PloS one

Vascular factors and multiple measures of early brain health: CARDIA brain MRI study.

PMID 25812012


To identify early changes in brain structure and function that are associated with cardiovascular risk factors (CVRF). Cross-sectional brain Magnetic Resonance I (MRI) study. Community based cohort in three U.S. sites. A Caucasian and African-American sub-sample (n= 680; mean age 50.3 yrs) attending the 25 year follow-up exam of the Coronary Artery Risk Development in Young Adults Study. 3T brain MR images processed for quantitative estimates of: total brain (TBV) and abnormal white matter (AWM) volume; white matter fractional anisotropy (WM-FA); and gray matter cerebral blood flow (GM-CBF).

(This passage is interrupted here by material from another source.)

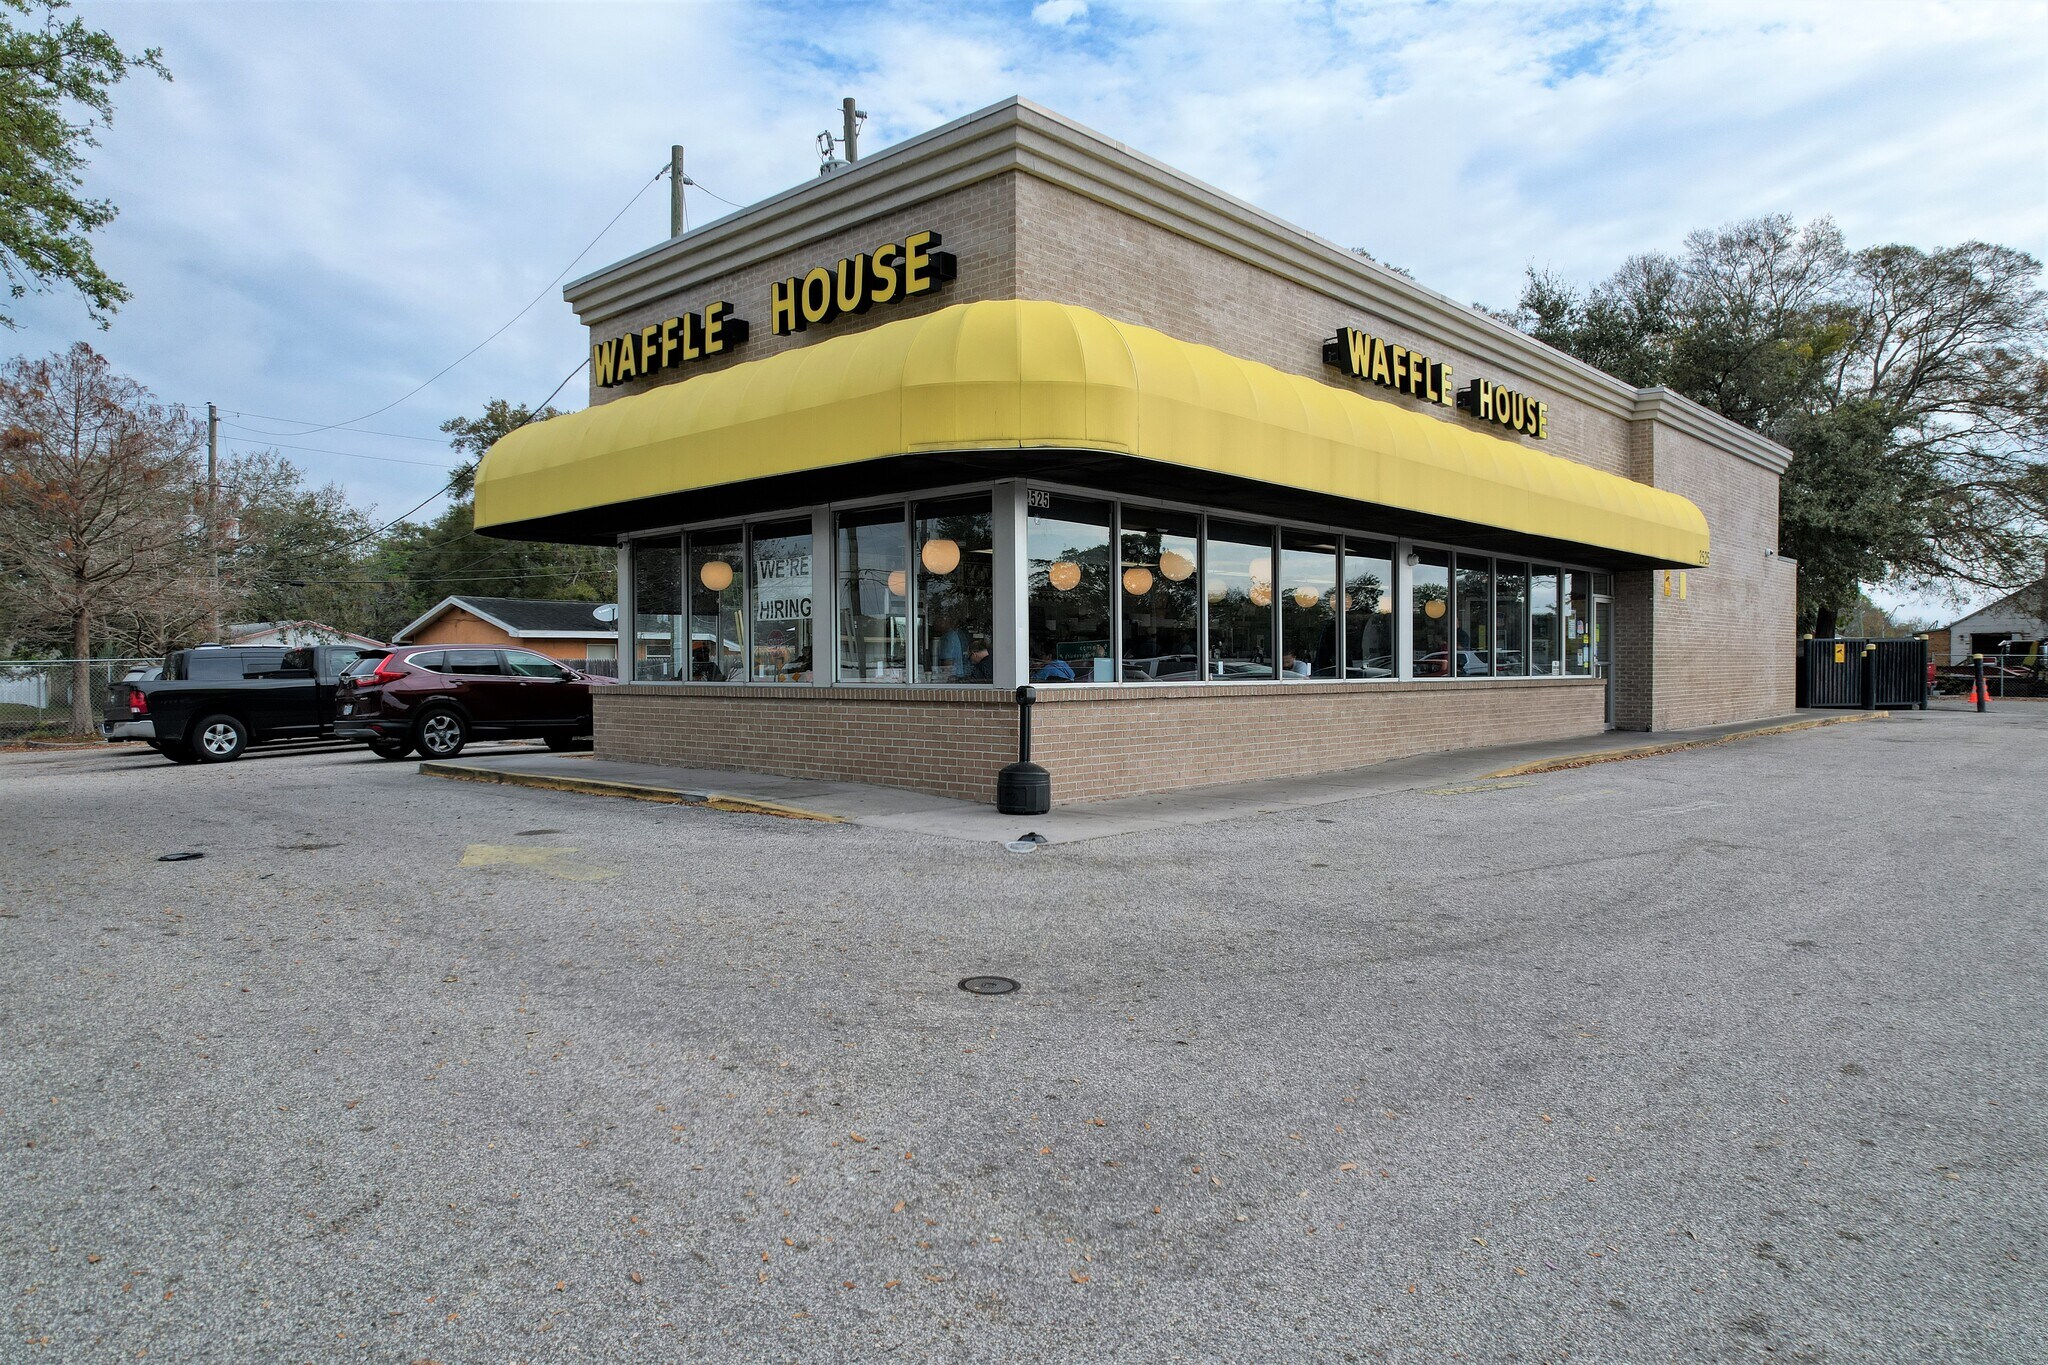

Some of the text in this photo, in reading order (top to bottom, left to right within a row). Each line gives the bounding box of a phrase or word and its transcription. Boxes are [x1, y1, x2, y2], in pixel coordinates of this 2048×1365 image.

Total intracranial volume is TBV plus cerebral spinal fluid (TICV). A Global Cognitive Function (GCF) score was derived from tests of speed, memory and executive function. Adjusting for TICV and demographic factors, current smoking was significantly associated with lower GM-CBF and TBV, and more AWM (all <0.05); SA with lower GM-CBF, WM-FA and TBV (p=0.01); increasing BMI with decreasing GM-CBF (p<0003); hypertension with lower GM-CBF, WM-FA, and TBV and higher AWM (all <0.05); and diabetes with lower TBV (p=0.007). The GCS was lower as TBV decreased, AWM increased, and WM-FA (all p<0.01). In middle age adults, CVRF are associated with brain health, reflected in MRI measures of structure and perfusion, and cognitive functioning. These findings suggest markers of mid-life cardiovascular and brain health should be considered as indication for early intervention and future risk of late-life cerebrovascular disease and dementia.